LC-MS/MS analysis was used to identify two new flavonoid phytoalexins induced in response to inoculation of a resistant and susceptible cultivar of sorghum with Colletotrichum sublineolum [64]. Luteolin and apigenin were both present at higher concentrations in these cultivars suggestive of a phytoalexin role. Fungal germination bioassays indeed found luteolin to Inhibitors,research,lifescience,medical strongly inhibit fungal growth and spore germination; effects were similar but less dramatic for apigenin. A number of flavonoid compounds require compartmentalisation in the cell to avoid mutagenic and oxidative effects of the active compounds and intermediates in their synthetic

pathways. In maize, barley and rye a number of different mechanisms of vacuolar import have been identified including a vacuolar ATP-binding cassette (ABC)

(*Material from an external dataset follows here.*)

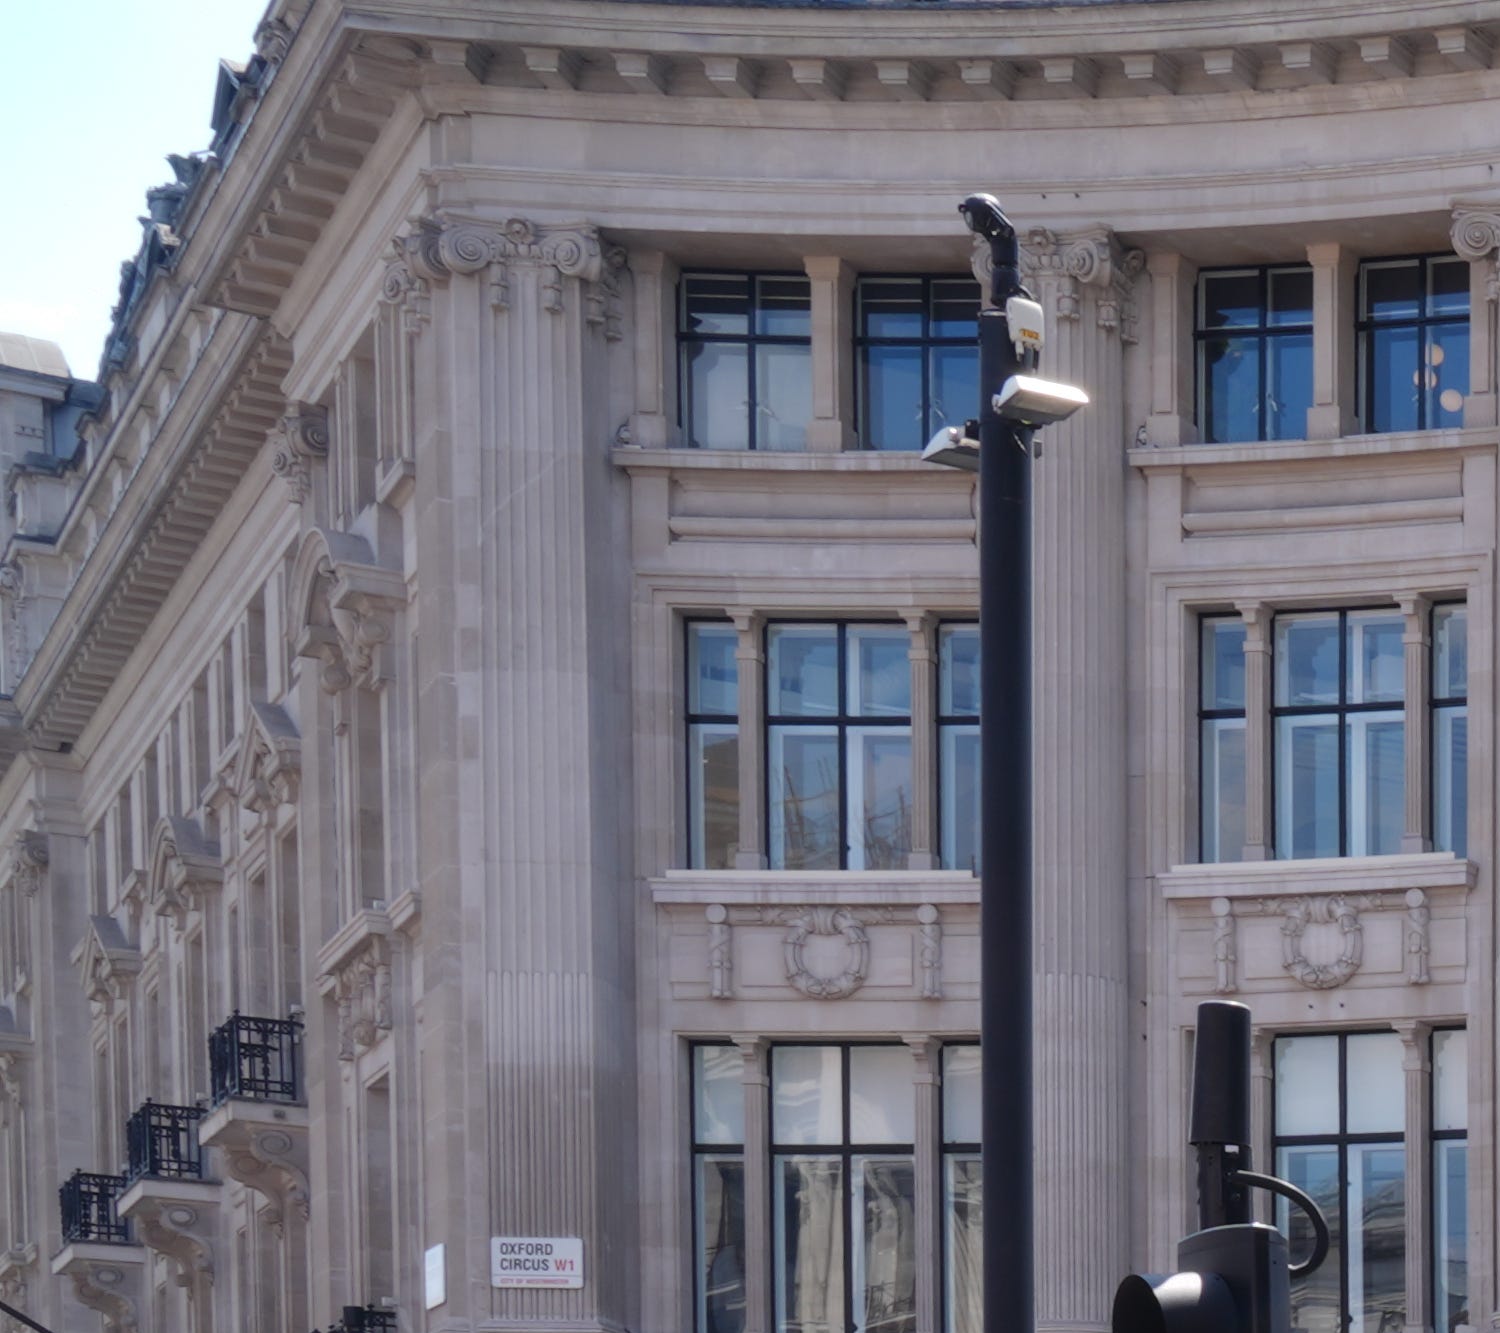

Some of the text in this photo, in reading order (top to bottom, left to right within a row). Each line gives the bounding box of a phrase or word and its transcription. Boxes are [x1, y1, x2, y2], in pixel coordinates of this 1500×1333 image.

transporter, multidrug resistance-associated protein like ABC transporter and pH-dependent vacuolar flavonoid/H+ antiporters [65-68]. The synthesis of the flavone saponarin in mesophyll Inhibitors,research,lifescience,medical protoplasts without vacuoles was inhibited indicating that a functioning vacuole is critical for production of this flavone [69]. Flavonoids have recently been the subject of investigation into metabolic engineering Inhibitors,research,lifescience,medical of crop plants for the http://www.selleckchem.com/products/AZD2281(Olaparib).html purposes of disease resistance to health benefits for humans [70]. Transgenic wheat and barley were constructed expressing a stilbene synthase gene from Vitis vinifera (Common Grape Vine) resulting in the production of the phytoalexin resveratrol (Figure 1) [71]. The authors present results detailing increased

resistance of wheat and barley producing resveratrol to the necrotrophic pathogen Inhibitors,research,lifescience,medical Botrytis cinerea. 5. Cyanogenic Glycosides Cyanogenic glycosides are present in over 2,600 plant species and a number of cereals including wheat, barley, oats, rye, sorghum, millets, sugar cane, maize and rice [72]. These Inhibitors,research,lifescience,medical compounds are derived from the amino acids valine, leucine, isoleucine, phenylalanine or tyrosine and the non-protein amino acid cyclopentenyl-glycine as path of the shikimate pathway (Figure 1) [73]. To avoid toxic release of hydrogen cyanide (HCN) under normal conditions, cyanogenic glycosides are compartmentalised within cells separated from the HCN releasing β-glucosidases. Cyanogenic glycosides are activated by β-glucosidase-dependent www.selleckchem.com/products/carfilzomib-pr-171.html hydrolysis to form the unstable aglycone upon tissue disruption. This cyanohydrin is further enzymatically (hydroxynitrile lyase) Entinostat or spontaneously (at alkaline pH) converted to a ketone or an aldehyde and the toxic constituent of the compound, HCN [74,75]. Cyanide is toxic to cells inhibiting the oxidative function of mitochondria cytochrome oxidase thereby reducing the cells ability to use oxygen for aerobic respiration [76,77]. The cyanogenic glycoside dhurrin (Figure 1) found in Sorghum is only located in the epidermal layers of the leaf while the β-glucosidases and α-hydroxynitrile lyase enzymes capable of activation and release of HCN were located only in mesophyll tissue [78].